For humanitarian aid, this is even more paternalistic and stratifying… while not actually “fixing” any of the things it aims to. Aid is primarily about making the giver feel better. But like Tom’s Shoes picking up on the “buy one, give one” idea that OLPC actually handled with cultural grace and systems thinking, instead Tom’s put some people out of work while trying to provide something THEY thought others needed. Even if it had been delivered in a less-jerky way, aid often ends up with locations dependant on that aid, rather than internally strengthened. This is one way we keep extracting resources out of other places without actually contributing to those locations. See also this bit of the paper I’m still working on. This allows the worst parts of globalization (erasure of cultures, consolodation of wealth, etc) to continue.

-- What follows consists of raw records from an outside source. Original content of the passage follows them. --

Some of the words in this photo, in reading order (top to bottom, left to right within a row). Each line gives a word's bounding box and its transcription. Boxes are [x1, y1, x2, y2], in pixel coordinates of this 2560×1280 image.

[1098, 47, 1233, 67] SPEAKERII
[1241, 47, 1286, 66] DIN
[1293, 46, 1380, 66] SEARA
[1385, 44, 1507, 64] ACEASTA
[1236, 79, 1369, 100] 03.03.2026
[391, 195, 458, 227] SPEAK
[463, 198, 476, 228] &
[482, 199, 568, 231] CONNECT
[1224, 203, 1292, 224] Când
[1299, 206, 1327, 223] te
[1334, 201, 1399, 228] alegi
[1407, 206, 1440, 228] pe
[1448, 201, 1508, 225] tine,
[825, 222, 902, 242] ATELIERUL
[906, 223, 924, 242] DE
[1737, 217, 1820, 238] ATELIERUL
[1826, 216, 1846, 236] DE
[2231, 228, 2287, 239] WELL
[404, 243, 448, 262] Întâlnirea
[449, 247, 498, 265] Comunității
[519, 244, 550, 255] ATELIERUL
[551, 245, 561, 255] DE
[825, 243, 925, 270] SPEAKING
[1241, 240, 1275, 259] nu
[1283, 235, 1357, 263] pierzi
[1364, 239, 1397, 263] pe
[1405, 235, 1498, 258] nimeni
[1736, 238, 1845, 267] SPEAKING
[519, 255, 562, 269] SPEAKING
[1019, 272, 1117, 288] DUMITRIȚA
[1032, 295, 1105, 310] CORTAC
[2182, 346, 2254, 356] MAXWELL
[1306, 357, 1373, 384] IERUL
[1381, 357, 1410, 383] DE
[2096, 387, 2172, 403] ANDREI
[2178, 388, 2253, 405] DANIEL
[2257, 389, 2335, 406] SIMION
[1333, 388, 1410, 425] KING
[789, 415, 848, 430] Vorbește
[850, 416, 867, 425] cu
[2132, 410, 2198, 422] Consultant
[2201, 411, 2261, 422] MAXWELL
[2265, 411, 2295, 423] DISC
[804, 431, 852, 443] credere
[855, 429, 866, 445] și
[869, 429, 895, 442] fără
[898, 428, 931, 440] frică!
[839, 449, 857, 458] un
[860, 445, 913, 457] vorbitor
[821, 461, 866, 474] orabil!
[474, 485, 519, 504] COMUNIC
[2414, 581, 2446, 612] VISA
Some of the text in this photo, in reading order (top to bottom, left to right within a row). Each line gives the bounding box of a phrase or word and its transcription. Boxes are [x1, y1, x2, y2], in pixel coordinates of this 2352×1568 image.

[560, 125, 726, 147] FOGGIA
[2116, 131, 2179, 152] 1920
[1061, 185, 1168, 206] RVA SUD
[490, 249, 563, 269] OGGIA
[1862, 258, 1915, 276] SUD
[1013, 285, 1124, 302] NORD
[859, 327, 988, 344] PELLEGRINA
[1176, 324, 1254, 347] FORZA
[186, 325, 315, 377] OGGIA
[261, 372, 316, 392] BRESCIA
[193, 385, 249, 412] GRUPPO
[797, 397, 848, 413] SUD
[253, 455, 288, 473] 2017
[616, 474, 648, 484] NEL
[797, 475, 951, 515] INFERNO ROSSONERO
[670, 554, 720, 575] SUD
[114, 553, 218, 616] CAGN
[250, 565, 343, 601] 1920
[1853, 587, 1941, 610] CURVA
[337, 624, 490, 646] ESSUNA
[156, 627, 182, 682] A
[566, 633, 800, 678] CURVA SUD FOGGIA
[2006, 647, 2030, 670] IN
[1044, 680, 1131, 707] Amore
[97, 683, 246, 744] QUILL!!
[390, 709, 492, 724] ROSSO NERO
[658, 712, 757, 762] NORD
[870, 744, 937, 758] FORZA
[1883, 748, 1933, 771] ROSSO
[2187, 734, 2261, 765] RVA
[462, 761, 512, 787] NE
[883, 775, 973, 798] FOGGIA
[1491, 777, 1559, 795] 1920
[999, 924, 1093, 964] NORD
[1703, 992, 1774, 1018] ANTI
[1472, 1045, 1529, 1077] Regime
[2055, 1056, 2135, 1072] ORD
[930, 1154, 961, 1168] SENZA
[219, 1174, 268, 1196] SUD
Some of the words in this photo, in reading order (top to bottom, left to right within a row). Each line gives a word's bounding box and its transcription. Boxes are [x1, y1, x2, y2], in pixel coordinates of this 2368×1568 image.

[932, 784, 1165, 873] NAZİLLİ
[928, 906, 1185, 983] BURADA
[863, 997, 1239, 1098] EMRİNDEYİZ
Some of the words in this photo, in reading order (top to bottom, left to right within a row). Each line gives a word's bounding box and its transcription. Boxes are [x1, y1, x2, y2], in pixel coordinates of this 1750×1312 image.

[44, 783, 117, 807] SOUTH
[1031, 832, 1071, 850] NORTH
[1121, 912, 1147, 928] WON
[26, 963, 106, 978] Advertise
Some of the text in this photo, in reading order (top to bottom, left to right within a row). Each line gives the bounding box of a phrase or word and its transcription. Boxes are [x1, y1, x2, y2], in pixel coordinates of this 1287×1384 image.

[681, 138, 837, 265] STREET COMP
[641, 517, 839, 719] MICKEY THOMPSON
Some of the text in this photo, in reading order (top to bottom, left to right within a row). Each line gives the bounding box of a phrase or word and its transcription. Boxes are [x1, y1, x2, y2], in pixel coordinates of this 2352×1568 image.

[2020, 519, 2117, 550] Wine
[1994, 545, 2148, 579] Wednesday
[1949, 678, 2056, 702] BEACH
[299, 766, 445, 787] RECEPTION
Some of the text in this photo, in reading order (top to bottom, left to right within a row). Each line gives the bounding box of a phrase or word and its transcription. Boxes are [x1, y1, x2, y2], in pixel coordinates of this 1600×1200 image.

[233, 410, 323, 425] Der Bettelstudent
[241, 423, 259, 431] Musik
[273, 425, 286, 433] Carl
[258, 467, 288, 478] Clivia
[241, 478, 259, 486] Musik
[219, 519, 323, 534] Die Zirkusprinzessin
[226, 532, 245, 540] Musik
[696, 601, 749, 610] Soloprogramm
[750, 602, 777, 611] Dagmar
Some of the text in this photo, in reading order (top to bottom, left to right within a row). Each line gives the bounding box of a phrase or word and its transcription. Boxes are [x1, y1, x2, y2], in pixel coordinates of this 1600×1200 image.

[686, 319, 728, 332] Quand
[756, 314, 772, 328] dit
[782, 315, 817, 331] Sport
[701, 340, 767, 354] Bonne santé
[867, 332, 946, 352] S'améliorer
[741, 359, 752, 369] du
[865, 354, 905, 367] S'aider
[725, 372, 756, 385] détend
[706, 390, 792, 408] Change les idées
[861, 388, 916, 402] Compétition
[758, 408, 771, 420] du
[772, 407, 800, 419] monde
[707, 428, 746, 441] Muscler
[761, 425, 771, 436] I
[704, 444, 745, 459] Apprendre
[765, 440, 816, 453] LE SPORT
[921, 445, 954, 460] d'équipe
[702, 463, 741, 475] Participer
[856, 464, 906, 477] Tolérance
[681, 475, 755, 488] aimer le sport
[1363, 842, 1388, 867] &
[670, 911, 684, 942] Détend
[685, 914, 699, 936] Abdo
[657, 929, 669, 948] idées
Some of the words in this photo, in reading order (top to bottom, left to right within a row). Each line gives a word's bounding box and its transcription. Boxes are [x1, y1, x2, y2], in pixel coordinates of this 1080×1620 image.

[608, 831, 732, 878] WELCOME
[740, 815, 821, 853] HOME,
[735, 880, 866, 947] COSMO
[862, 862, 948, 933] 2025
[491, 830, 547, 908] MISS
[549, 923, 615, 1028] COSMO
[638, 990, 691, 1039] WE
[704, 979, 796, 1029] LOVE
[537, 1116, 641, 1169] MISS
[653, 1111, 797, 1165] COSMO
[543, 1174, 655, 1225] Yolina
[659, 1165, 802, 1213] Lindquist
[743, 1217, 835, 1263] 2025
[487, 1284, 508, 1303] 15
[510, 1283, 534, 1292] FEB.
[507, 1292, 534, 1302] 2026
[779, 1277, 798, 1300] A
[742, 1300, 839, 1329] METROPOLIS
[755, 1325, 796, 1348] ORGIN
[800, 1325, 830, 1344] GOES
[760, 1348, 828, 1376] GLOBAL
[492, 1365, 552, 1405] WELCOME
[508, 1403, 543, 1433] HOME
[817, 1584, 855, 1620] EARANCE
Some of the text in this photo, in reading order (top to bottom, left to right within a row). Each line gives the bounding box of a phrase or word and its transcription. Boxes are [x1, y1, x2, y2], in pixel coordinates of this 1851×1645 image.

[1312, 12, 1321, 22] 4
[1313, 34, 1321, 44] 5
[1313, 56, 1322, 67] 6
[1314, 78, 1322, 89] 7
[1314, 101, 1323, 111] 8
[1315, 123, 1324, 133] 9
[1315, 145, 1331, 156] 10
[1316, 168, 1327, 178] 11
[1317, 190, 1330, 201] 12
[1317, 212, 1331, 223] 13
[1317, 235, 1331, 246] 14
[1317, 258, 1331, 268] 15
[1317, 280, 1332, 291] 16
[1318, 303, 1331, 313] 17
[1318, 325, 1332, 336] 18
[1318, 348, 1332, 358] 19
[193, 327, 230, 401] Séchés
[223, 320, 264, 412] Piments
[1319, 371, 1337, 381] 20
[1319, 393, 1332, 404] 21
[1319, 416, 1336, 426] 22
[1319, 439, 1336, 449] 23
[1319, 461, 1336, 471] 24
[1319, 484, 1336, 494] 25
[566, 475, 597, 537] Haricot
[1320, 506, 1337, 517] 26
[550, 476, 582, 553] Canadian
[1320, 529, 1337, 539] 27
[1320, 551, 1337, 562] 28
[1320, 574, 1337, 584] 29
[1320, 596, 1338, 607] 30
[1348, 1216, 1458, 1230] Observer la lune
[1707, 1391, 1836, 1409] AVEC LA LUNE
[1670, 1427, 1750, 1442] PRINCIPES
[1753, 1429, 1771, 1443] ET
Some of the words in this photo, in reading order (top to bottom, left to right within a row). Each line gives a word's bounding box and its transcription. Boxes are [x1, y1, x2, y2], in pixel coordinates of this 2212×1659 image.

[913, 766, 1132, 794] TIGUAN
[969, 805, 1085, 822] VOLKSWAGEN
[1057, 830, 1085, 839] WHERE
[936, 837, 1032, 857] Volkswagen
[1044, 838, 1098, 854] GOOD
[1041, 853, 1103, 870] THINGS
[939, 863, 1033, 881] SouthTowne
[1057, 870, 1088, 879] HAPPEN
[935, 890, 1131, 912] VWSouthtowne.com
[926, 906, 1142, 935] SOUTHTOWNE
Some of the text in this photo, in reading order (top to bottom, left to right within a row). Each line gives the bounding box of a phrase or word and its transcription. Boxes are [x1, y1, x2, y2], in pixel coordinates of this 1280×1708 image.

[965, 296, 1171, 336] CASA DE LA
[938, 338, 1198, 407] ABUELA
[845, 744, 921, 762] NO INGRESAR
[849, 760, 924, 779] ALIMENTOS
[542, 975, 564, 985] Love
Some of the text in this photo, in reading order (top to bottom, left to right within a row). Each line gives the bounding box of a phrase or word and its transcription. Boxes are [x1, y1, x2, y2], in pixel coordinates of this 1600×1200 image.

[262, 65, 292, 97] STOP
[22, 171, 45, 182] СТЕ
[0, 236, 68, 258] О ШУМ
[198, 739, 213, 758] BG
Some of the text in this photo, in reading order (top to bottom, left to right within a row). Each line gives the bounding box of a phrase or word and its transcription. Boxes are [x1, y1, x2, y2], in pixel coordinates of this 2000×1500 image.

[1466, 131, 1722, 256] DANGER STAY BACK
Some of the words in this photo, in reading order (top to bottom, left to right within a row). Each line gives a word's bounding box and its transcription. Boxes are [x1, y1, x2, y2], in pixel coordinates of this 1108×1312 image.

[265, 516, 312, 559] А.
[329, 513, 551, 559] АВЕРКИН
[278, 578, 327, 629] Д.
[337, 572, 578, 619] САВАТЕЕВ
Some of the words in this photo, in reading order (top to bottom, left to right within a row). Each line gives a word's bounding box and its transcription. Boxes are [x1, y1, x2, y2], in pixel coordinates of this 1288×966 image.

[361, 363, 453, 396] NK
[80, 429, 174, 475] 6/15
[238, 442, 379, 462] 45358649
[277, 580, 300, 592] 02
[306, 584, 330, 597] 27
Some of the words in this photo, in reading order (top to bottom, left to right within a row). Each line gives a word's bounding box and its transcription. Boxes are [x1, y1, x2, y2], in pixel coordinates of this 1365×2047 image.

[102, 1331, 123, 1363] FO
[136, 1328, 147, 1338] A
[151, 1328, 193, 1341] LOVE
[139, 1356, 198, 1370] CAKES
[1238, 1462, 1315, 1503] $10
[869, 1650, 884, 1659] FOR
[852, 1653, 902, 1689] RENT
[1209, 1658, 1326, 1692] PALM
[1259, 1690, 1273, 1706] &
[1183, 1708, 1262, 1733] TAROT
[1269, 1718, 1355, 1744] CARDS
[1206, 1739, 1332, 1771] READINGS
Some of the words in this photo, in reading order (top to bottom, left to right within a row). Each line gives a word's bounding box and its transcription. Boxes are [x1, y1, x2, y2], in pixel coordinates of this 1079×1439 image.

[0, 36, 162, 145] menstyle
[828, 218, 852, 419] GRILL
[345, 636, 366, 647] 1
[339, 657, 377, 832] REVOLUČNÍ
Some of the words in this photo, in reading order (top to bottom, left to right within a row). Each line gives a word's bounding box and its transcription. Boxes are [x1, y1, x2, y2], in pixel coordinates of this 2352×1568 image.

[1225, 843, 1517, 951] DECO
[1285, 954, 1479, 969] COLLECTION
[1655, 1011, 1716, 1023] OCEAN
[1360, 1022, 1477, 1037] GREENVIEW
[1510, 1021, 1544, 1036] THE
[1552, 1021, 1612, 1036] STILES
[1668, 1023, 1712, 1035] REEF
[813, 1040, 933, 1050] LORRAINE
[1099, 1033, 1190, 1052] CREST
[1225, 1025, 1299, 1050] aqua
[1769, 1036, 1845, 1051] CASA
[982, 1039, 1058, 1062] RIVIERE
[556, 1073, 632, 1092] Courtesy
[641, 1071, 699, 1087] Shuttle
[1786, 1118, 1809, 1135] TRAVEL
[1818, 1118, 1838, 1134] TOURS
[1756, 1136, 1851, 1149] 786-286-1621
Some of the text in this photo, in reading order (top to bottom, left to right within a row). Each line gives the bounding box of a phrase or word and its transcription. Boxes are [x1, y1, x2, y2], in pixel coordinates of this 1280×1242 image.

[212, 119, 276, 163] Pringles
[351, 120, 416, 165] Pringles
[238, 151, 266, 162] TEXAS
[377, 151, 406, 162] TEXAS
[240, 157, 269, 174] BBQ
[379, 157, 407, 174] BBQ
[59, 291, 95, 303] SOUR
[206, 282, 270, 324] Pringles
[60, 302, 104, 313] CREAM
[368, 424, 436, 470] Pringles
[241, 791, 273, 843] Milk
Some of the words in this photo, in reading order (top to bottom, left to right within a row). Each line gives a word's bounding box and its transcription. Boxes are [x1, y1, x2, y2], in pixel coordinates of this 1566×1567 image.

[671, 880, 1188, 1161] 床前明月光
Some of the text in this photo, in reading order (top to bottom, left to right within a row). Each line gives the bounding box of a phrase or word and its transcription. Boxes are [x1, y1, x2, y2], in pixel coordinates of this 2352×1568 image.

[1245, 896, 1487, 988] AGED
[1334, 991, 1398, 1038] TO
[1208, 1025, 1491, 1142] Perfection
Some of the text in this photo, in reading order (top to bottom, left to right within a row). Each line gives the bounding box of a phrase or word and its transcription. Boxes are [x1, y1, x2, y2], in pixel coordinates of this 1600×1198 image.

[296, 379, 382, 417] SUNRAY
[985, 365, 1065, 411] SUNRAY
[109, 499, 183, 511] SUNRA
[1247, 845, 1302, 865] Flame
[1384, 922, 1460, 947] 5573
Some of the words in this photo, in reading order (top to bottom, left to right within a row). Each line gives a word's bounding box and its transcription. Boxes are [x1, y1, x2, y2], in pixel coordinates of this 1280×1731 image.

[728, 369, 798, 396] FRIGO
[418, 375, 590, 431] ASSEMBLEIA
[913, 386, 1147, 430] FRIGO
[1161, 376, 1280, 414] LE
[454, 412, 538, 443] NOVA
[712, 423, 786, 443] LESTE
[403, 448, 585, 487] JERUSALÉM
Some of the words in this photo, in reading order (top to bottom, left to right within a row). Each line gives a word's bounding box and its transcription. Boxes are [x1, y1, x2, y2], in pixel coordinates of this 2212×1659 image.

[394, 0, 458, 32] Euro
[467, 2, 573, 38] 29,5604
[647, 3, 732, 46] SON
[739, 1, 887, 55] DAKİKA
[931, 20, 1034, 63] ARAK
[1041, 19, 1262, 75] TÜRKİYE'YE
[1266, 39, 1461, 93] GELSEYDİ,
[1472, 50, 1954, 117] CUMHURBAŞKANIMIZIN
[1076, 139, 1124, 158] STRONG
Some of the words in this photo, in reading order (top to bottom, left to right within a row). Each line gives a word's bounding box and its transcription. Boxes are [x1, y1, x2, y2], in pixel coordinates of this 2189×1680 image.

Some might say “fine, let them fend for themselves,” but that’s not ok either. When we don’t have to look at our neighbors (when we build walled housing complexes, or segregated schools), we can ignore how bad things are for them. And that’s also not an acceptable answer.

What we need are ways to listen to what people can offer, and what they need, under the assumptions that we are equals. This is why I’m so excited to see how the participatory methods I associate so strongly with Aspiration come to bear on this space. Just do a search-and-replace for “Nonprofits” to “Affected Communities” on our Manifesto and Participant Guidelines. People in these fragile situations are NOT a population to playtest new tools. Not only do failures have a larger impact in these spaces, but to think of another location and its people as “demo” space is undignified and unjust. We need better ways (not just better tools) for life EVERYWHERE, and to assume that we WEIRD (Western Educated Industrialized Rich Democratic)-o’s have all the answers is downright arrogant. By instead, as we do at Aspiration events, speaking to each other in easy-to-understand language, under the assumption that everyone is bringing something meaningful to the table, and that together we’ll figure it out; we can shift not only how we do response, but the after-effects of that response.

I’m especially excited to speak to people about distributed response, and how the tools we build for ourselves can be welcoming to others using as well. Check out NYCprepared and Taarifa to see what this can look like.